Alguns dos críticos que questionaram a recente declaração, de fato consideram lícito apenas o sentido amplo e, portanto, não consideram aceitável a distinção entre orações ou bênçãos “rituais” e “litúrgicas” e orações ou bênçãos “pastorais” e “espontâneas”. Entre esses, por exemplo, há quem objete que também a liturgia tem uma relevância pastoral. Mas sobre isso vale ressaltar que Fiducia supplicans atribui um sentido peculiar à palavra “pastoral”: isto é, o sentido de um cuidado particularmente dirigido para o acompanhamento daqueles a quem é oferecida a bênção; à imagem do “bom pastor” que não se satisfaz até encontrar cada um daqueles que se perderam. Outros argumentam que todas as orações seriam “litúrgicas” e, portanto, todas estariam sujeitas ao que é exigido pela liturgia da Igreja. O próprio Papa Francisco respondeu a essa objeção no seu discurso aos participantes da plenária do Dicastério para a Doutrina da Fé no dia 26 de janeiro, insistindo na existência de bênçãos pastorais ou espontâneas que, “fora de qualquer contexto e forma de caráter litúrgico", explicou , "não exigem uma perfeição moral para serem recebidas." As palavras do Pontífice, portanto, confirmam a orientação de considerar o sentido mais restrito para as bênçãos litúrgicas.

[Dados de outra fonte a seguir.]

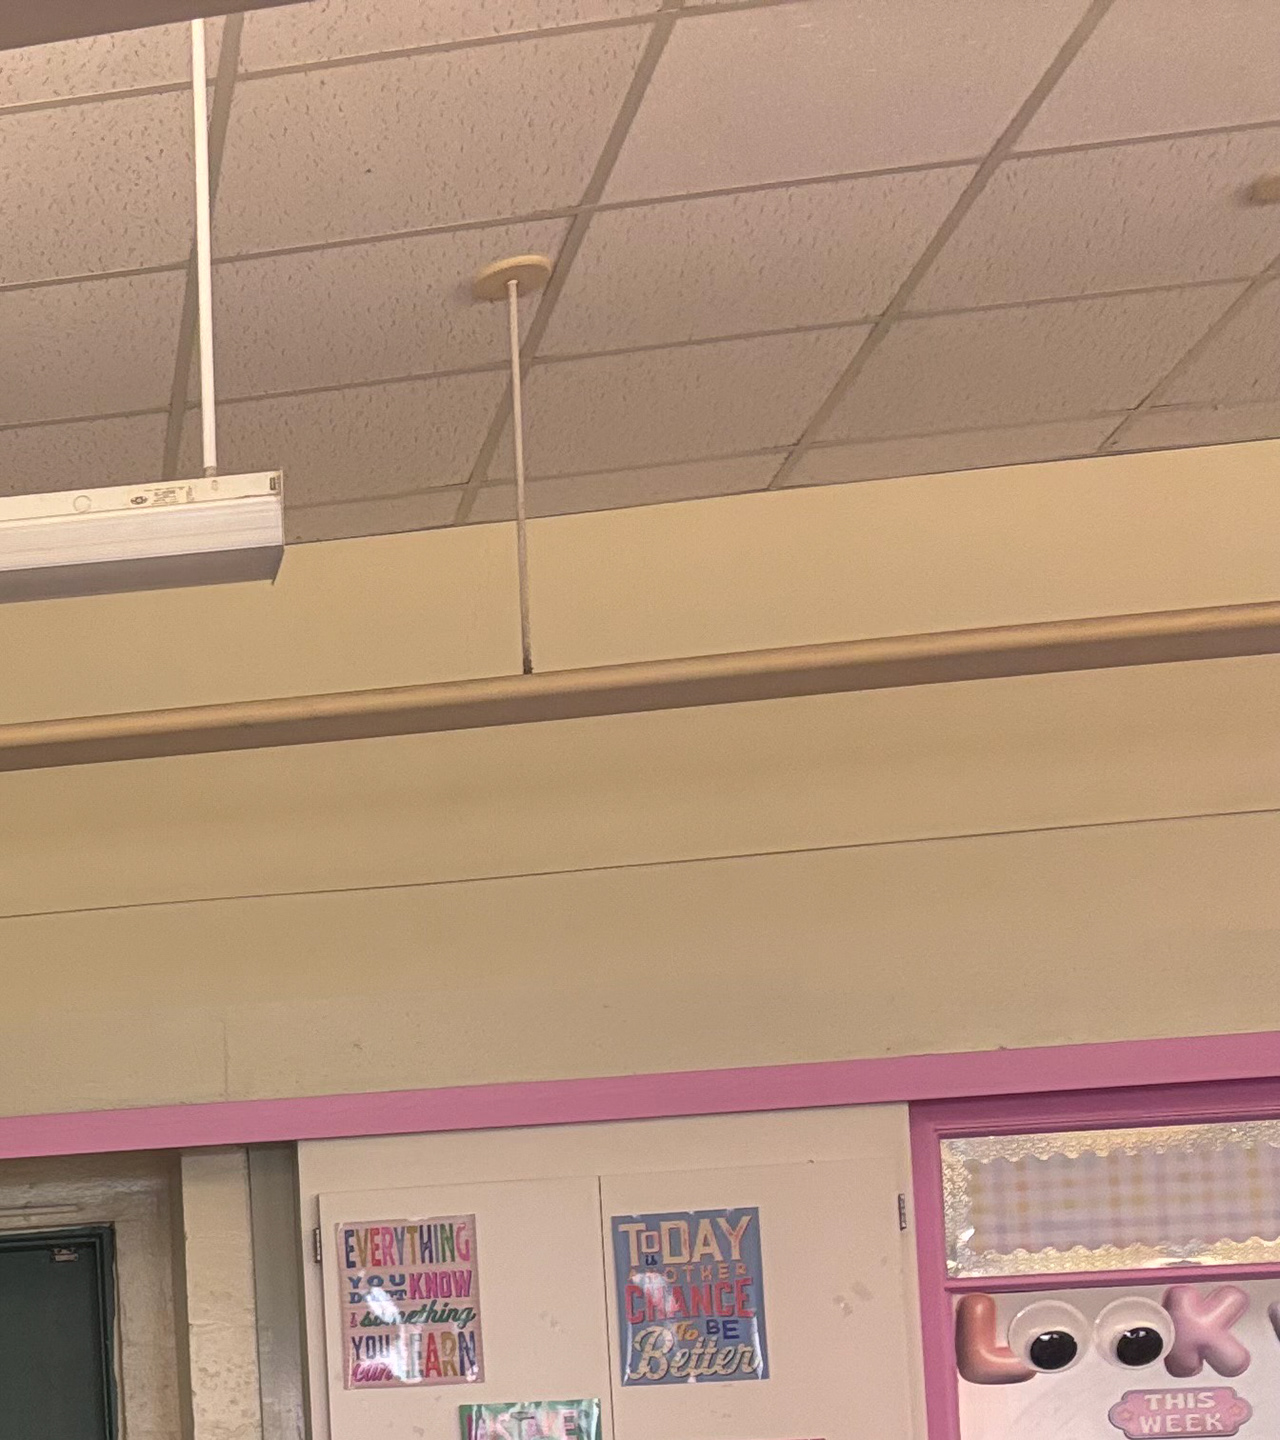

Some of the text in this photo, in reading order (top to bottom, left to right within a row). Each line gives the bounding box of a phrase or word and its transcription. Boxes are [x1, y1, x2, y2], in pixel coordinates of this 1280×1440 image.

Um precedente importante, no que diz respeito à distinção entre o que é litúrgico e o que não é, encontra-se numa instrução do ano 2000, publicada pela então Congregação para Doutrina da fé, assinada pelo Cardeal Joseph Ratzinger e aprovada por João Paulo II. O objeto daquela instrução são orações para obter a cura de Deus. No ponto número dois da primeira parte do documento, lembra-se que “No De benedictionibus do Rituale Romanum existe um Ordo benedictionis infirmorum que contém diversos textos eucológicos para implorar a cura". Na parte final da instrução, dedicada às disposições disciplinares, há também um artigo (2) que afirma: “As orações de cura têm a qualificação de litúrgicas, quando inseridas nos livros litúrgicos aprovados pela autoridade competente da Igreja; caso contrário, são orações não litúrgicas”.

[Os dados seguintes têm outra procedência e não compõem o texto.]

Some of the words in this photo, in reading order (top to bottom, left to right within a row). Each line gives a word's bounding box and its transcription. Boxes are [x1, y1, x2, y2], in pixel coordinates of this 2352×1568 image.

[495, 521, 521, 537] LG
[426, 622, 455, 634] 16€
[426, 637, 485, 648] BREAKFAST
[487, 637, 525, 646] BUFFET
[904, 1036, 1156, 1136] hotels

Portanto estabelece-se que existem orações de cura litúrgicas ou rituais, e outras que não o são, mas que ainda assim são legitimamente admitidas. No artigo seguinte lembra-se que “as orações de cura litúrgicas se celebram segundo o rito prescrito e com as vestes sagradas indicadas no Ordo benedictionis infirmorum do Rituale Romanum”. A partir dessas citações do texto assinado por Ratzinger e aprovado pelo Papa Wojtyla pode-se concluir que o significado do termo "litúrgico" utilizado em Fiducia supplicans para definir as bênçãos rituais, diferentes daquelas pastorais, representa certamente um desenvolvimento, mas que se insere no quadro do magistério das últimas décadas.
Entre as bênçãos existem também outras distinções: algumas representam consagrações, ou o selo ao sacramento celebrado pelos cônjuges (no caso da bênção nupcial); outras representam orações de invocação que se elevam de baixo para Deus; outras ainda (é o caso dos exorcismos) têm como objetivo afastar o mal. Fiducia supplicans esclarece repetidamente que conceder uma bênção pastoral ou espontânea – sem qualquer elemento nupcial – a um casal “irregular” que se aproxima de um sacerdote ou de um diácono não significa e não pode representar de forma alguma uma forma de aprovação da união entre os dois. Não pode, afirma o documento, ser considerada “uma legitimação moral para uma união que suponha ser um casamento” nem “para uma prática sexual extraconjugal”. O significado é de uma invocação a Deus, para que permita que as sementes do bem cresçam na direção por Ele desejada.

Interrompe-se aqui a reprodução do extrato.